Black soldier fly larvae oil could improve colitis, Israel team finds

Black soldier fly larvae (BSFL) is considered one of the “superstars” of sustainable feed ingredients.

 Black Soldier Fly oil. (photo credit: COURTESY ENTOPROTECH LTD)
Black Soldier Fly oil.
(photo credit: COURTESY ENTOPROTECH LTD)

Black soldier fly larvae (BSFL) oil could help ameliorate the symptoms of colitis, according to researchers at the Hebrew University of Jerusalem.

Prof. Betty Schwartz and PhD student Hadas Richter recently tested the oil, a fraction of the BSFL that is generally discarded, which has been reported to have antimicrobial effects on gut bacteria and anti-inflammatory activity.

BSFL is considered one of the “superstars” of sustainable feed ingredients, the team explained. Already, the protein fraction is extracted and used as a premium feed ingredient.
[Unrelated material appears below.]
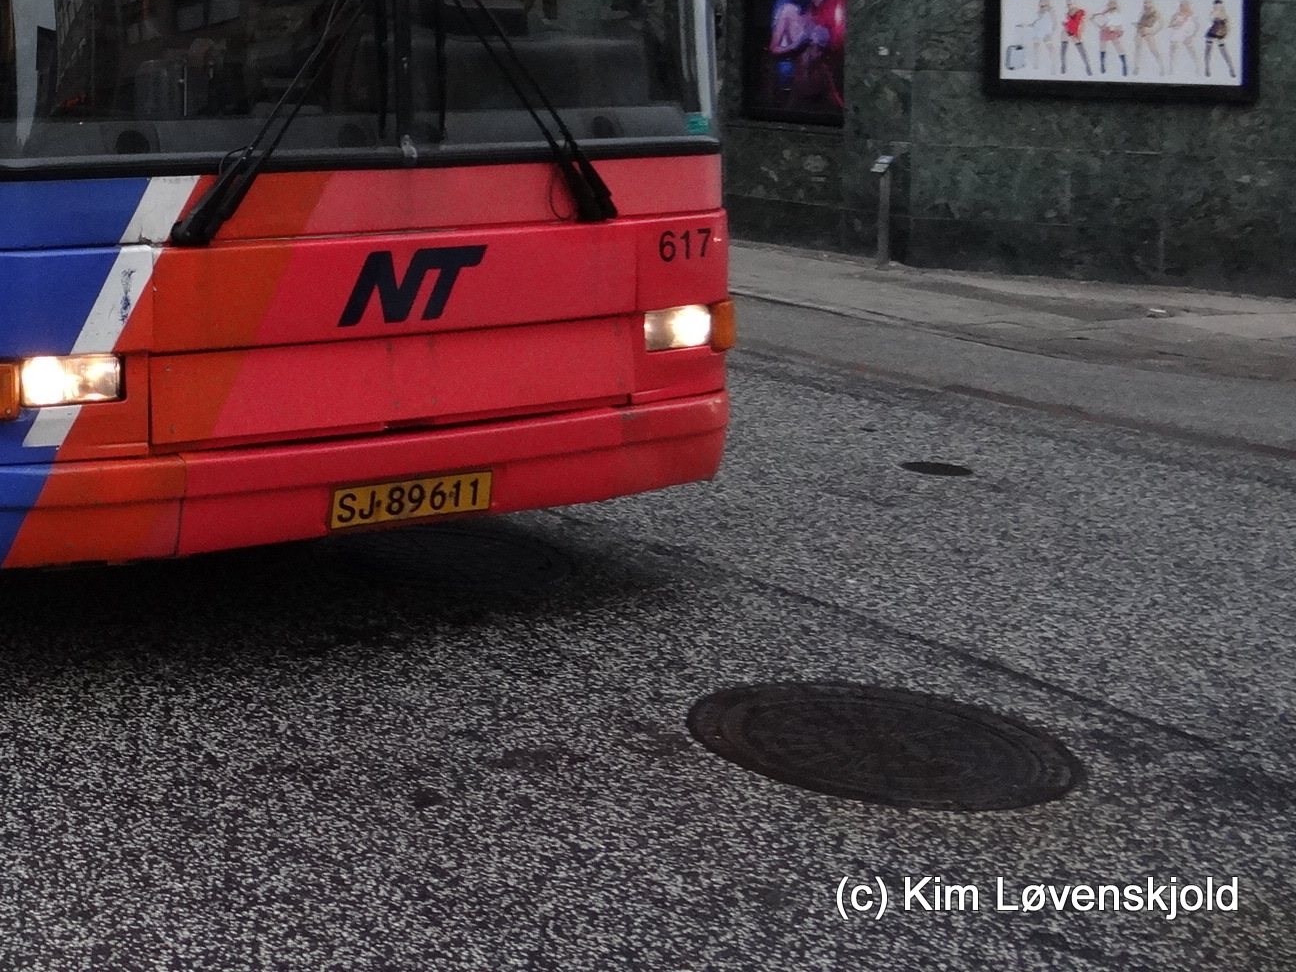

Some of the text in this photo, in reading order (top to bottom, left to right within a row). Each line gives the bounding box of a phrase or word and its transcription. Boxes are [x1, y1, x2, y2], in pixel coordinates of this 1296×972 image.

[658, 228, 712, 262] 617
[338, 245, 488, 328] NT
[337, 491, 377, 523] SJ
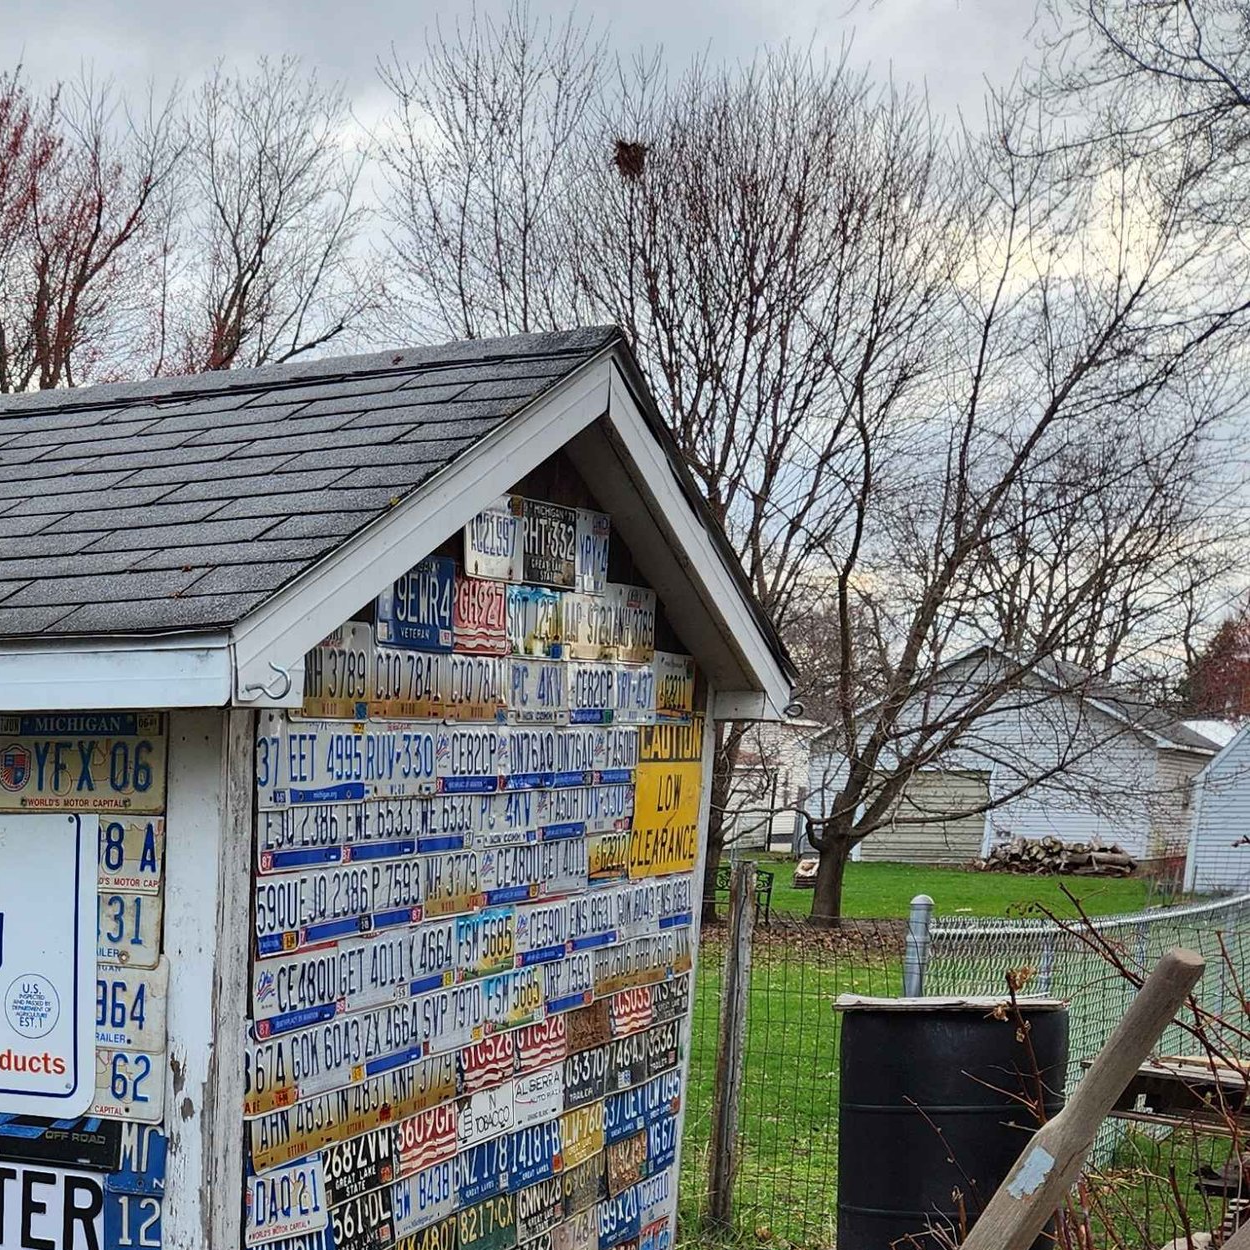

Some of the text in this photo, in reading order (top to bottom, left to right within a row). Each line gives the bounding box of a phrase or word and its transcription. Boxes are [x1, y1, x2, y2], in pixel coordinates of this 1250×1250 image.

The major component of the oil is lauric acid, which is a medium-chain fatty acid known for its antimicrobial activity. In addition, the oil contains both monounsaturated palmitoleic and oleic acids, which are thought to increase gut microbiota diversity, decreasing inflammation.
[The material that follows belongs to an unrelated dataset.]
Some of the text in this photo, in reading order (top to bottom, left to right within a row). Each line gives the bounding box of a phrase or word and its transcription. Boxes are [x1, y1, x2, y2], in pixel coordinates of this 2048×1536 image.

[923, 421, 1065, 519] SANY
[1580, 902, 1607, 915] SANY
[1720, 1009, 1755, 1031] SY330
“Nutritional therapy that involves the development of lead compounds that are able to modulate inflammation may be of interest in the management of diseases associated with chronic inflammation such as Crohn’s and colitis,” an abstract on the project explained. “Our goals are to show novel therapeutic benefits of using BSFL oil in the treatment of human inflammatory bowel disease and further explore mechanism of action.”
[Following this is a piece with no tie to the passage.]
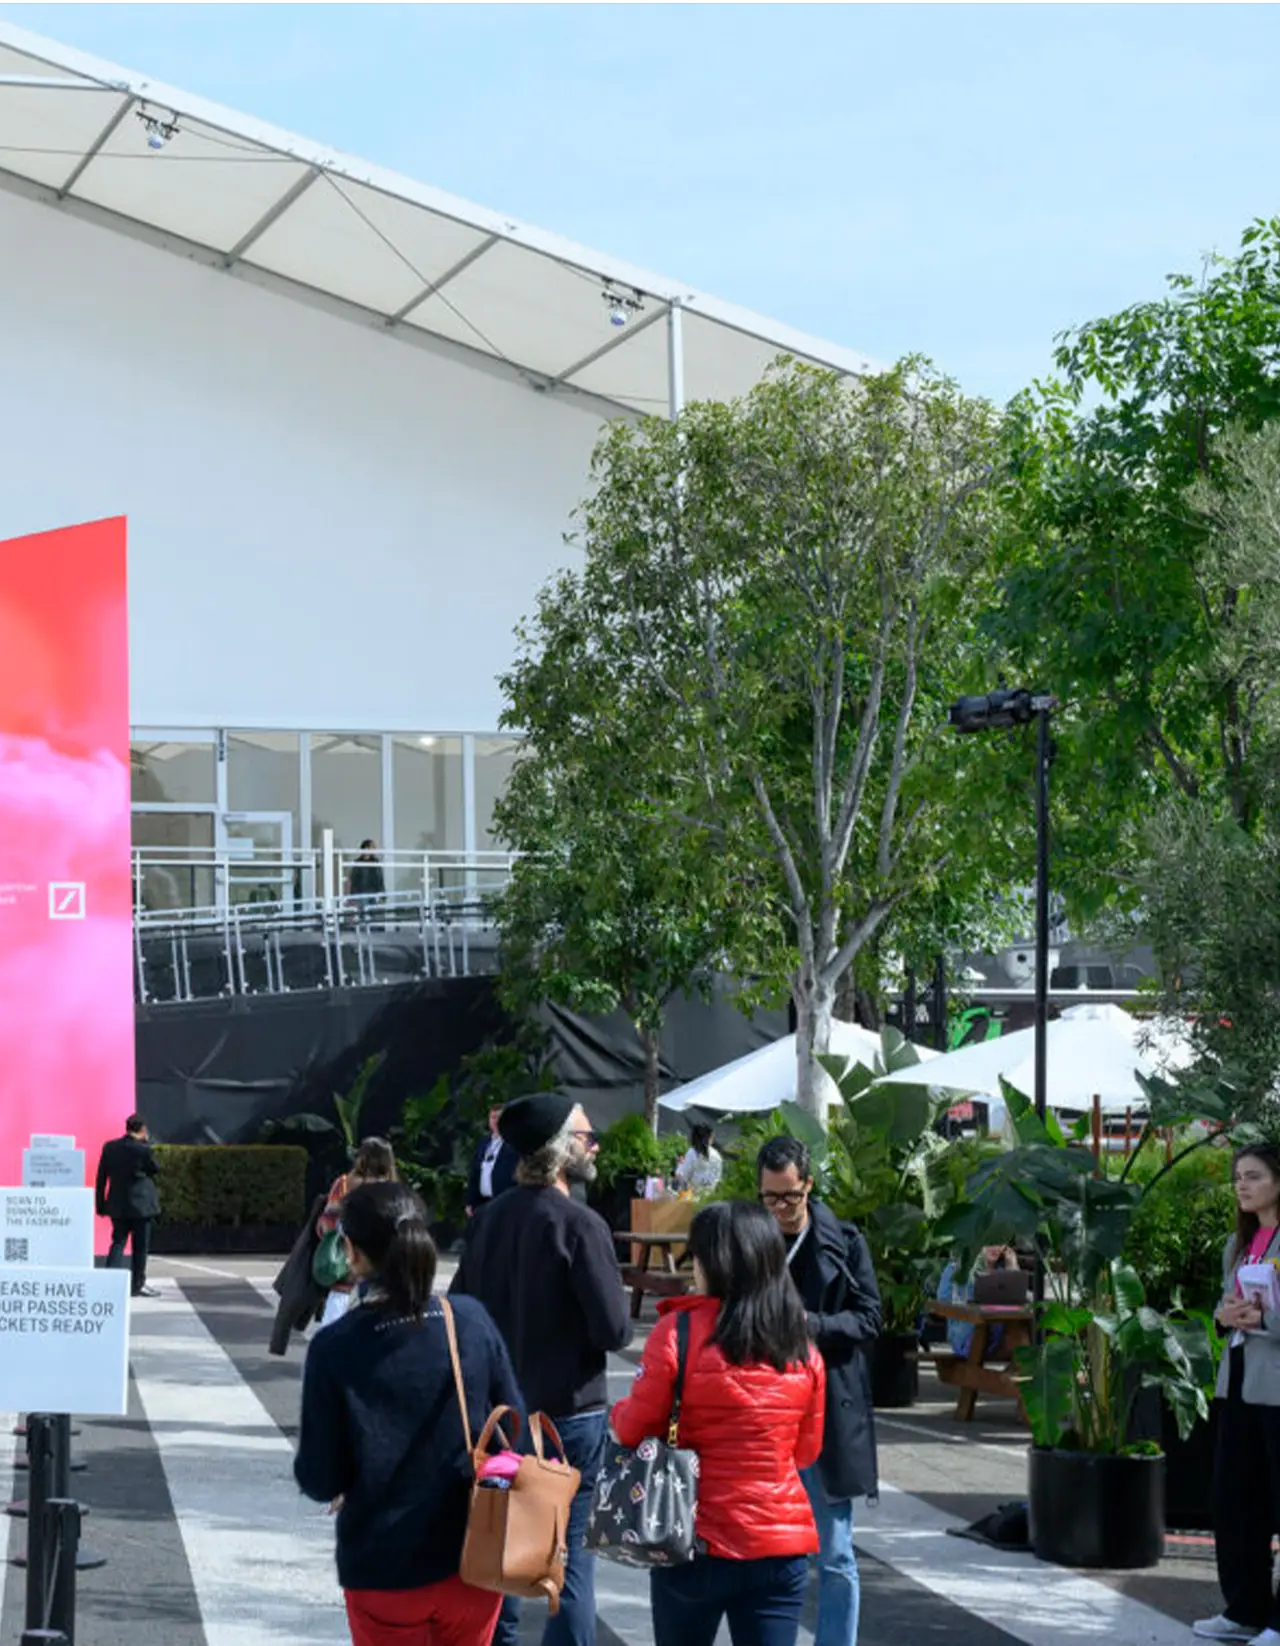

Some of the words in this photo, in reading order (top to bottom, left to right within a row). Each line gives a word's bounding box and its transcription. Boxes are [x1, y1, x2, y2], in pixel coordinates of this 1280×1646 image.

[45, 1282, 86, 1298] HAVE
[27, 1300, 88, 1317] PASSES
[91, 1301, 115, 1317] OR
[52, 1318, 105, 1334] READY
 Black Soldier Fly larvae. (credit: COURTESY ENTOPROTECH LTD) Black Soldier Fly larvae. (credit: COURTESY ENTOPROTECH LTD)

The team tested a BFSL oil-rich diet on mice with colitis for a month and found that it rid them of any clinical signs of the disease – body weight recovery was improved, colon length was extended and spleen size was reduced, among other benefits. This was compared to a diet rich in soybeans.

Now they are considering how they can use what they have learned so far to help make people healthier by developing therapeutic aids to treat humans, Schwartz said. They will also explore the mechanism of action in vitro – research that could then be submitted for peer review.

Because it is a food additive and not a drug, the path to regulatory approval should be shorter, she said. However, such approval would likely still take as long as three years, she pointed out, because the oil would still need human trials to be approved and carried out.

“We would like to analyze the mechanism behind this activity,” Schwartz stressed. “If we can get the mechanism, then we can go for other kinds of uses for this fatty acid, too.”